START Entries shown

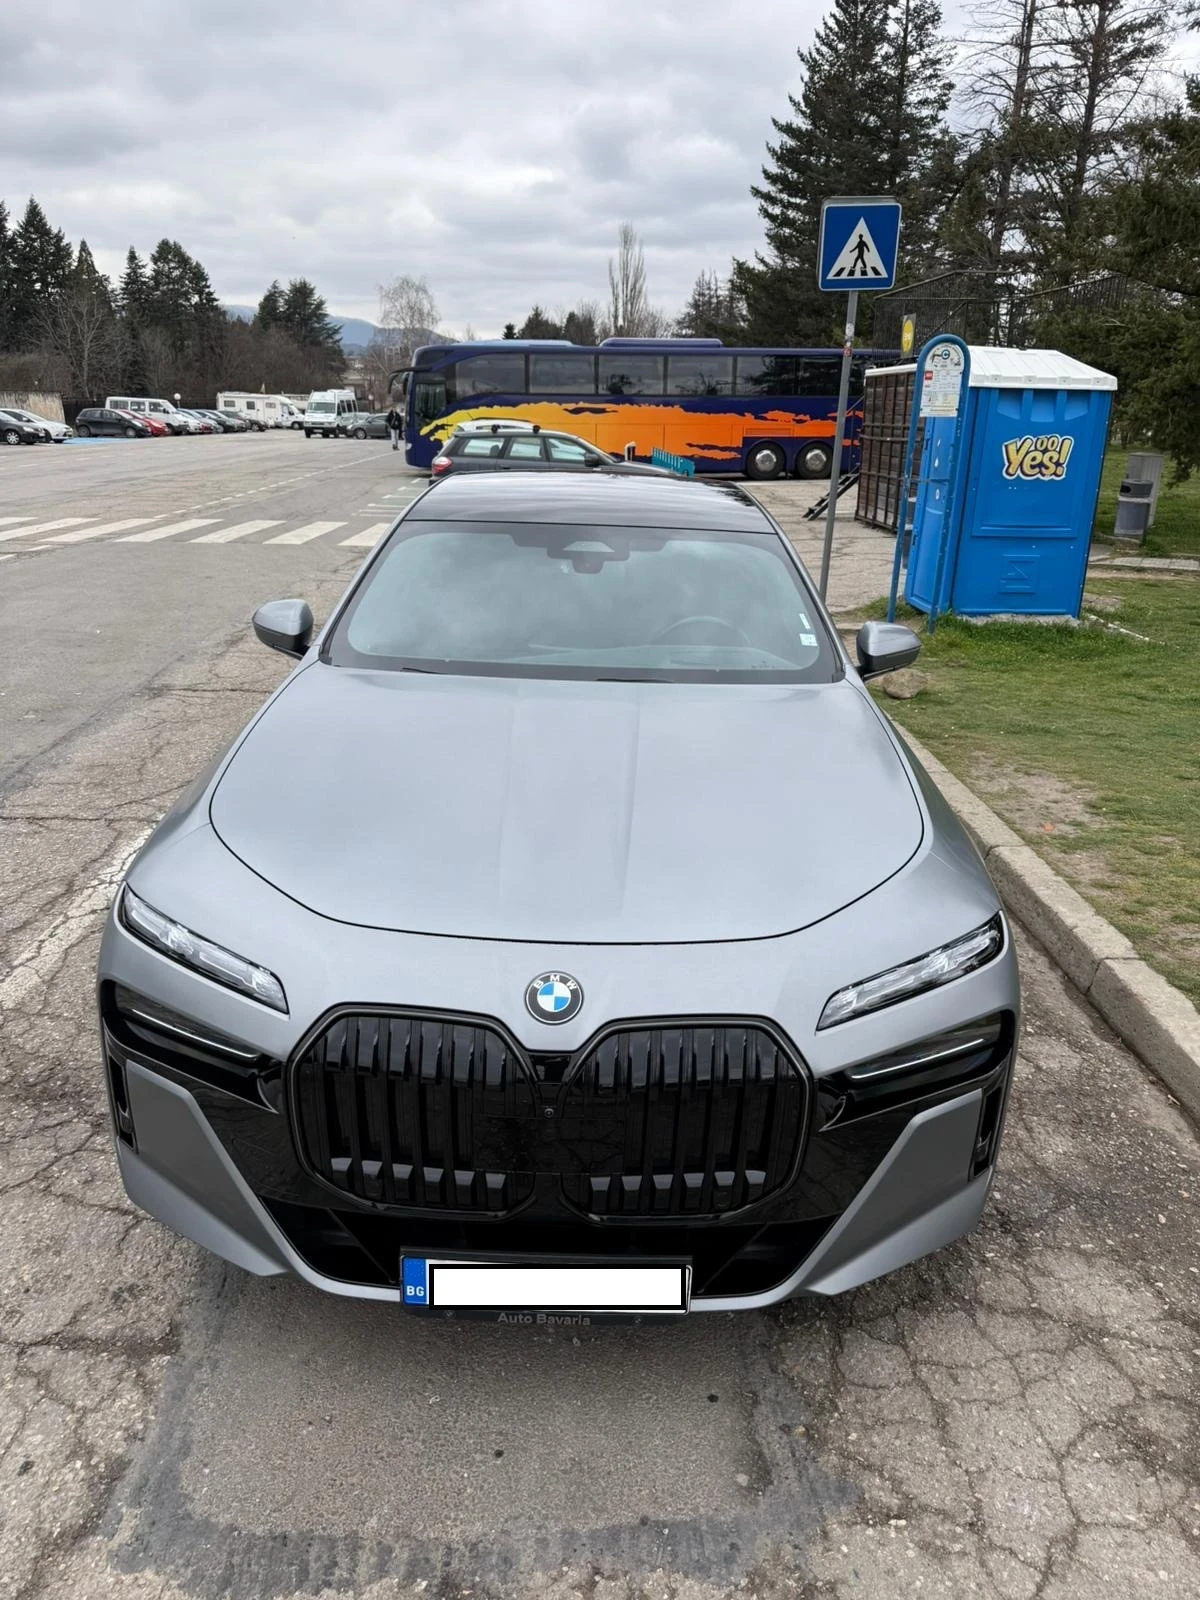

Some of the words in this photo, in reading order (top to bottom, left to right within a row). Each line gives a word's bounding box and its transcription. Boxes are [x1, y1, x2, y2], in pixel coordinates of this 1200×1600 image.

[1005, 437, 1072, 476] Yes!
[533, 974, 577, 990] BMW
[406, 1285, 425, 1297] BG
[497, 1312, 533, 1325] Auto
[536, 1312, 591, 1326] Bavaria

END Entries shown

## Problem to work on
Output the complete listing exactly. Pictures stay out.

## Exercise response
Some of the words in this photo, in reading order (top to bottom, left to right within a row). Each line gives a word's bounding box and its transcription. Boxes are [x1, y1, x2, y2], in pixel coordinates of this 1200×1600 image.

[1005, 437, 1072, 476] Yes!
[533, 974, 577, 990] BMW
[406, 1285, 425, 1297] BG
[497, 1312, 533, 1325] Auto
[536, 1312, 591, 1326] Bavaria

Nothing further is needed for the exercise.